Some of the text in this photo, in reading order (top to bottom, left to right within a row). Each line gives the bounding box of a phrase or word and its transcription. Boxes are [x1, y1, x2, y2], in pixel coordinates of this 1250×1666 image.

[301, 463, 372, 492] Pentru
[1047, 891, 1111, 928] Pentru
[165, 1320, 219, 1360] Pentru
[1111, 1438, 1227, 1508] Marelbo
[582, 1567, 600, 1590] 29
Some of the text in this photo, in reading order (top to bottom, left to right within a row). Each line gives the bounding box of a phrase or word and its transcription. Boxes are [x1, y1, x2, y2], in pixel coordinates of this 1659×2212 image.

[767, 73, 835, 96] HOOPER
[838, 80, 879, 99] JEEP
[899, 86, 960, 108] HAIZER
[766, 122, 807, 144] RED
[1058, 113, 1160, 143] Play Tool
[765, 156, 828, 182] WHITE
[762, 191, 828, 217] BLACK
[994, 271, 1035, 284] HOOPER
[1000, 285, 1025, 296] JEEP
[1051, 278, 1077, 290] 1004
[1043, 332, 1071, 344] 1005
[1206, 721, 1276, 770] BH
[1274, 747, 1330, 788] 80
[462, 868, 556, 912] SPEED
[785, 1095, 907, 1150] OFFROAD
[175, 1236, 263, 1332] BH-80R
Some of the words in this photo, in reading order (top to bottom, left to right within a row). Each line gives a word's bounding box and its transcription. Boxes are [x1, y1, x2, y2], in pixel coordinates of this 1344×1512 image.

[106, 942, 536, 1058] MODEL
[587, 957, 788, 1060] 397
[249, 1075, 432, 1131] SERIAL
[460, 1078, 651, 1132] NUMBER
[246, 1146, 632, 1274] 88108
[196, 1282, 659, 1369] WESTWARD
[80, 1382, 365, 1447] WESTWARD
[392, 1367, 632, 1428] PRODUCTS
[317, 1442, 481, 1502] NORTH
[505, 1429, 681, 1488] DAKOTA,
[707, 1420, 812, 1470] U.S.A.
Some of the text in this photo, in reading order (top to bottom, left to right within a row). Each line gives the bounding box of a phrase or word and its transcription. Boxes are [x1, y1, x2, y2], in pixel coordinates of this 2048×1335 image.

> WHAT THIS TASK INVOLVES
For this exercise, the records above must be returned exactly.

> FINAL ANSWER
Some of the text in this photo, in reading order (top to bottom, left to right within a row). Each line gives the bounding box of a phrase or word and its transcription. Boxes are [x1, y1, x2, y2], in pixel coordinates of this 1250×1666 image.

[301, 463, 372, 492] Pentru
[1047, 891, 1111, 928] Pentru
[165, 1320, 219, 1360] Pentru
[1111, 1438, 1227, 1508] Marelbo
[582, 1567, 600, 1590] 29
Some of the text in this photo, in reading order (top to bottom, left to right within a row). Each line gives the bounding box of a phrase or word and its transcription. Boxes are [x1, y1, x2, y2], in pixel coordinates of this 1659×2212 image.

[767, 73, 835, 96] HOOPER
[838, 80, 879, 99] JEEP
[899, 86, 960, 108] HAIZER
[766, 122, 807, 144] RED
[1058, 113, 1160, 143] Play Tool
[765, 156, 828, 182] WHITE
[762, 191, 828, 217] BLACK
[994, 271, 1035, 284] HOOPER
[1000, 285, 1025, 296] JEEP
[1051, 278, 1077, 290] 1004
[1043, 332, 1071, 344] 1005
[1206, 721, 1276, 770] BH
[1274, 747, 1330, 788] 80
[462, 868, 556, 912] SPEED
[785, 1095, 907, 1150] OFFROAD
[175, 1236, 263, 1332] BH-80R
Some of the words in this photo, in reading order (top to bottom, left to right within a row). Each line gives a word's bounding box and its transcription. Boxes are [x1, y1, x2, y2], in pixel coordinates of this 1344×1512 image.

[106, 942, 536, 1058] MODEL
[587, 957, 788, 1060] 397
[249, 1075, 432, 1131] SERIAL
[460, 1078, 651, 1132] NUMBER
[246, 1146, 632, 1274] 88108
[196, 1282, 659, 1369] WESTWARD
[80, 1382, 365, 1447] WESTWARD
[392, 1367, 632, 1428] PRODUCTS
[317, 1442, 481, 1502] NORTH
[505, 1429, 681, 1488] DAKOTA,
[707, 1420, 812, 1470] U.S.A.
Some of the text in this photo, in reading order (top to bottom, left to right within a row). Each line gives the bounding box of a phrase or word and its transcription. Boxes are [x1, y1, x2, y2], in pixel coordinates of this 2048×1335 image.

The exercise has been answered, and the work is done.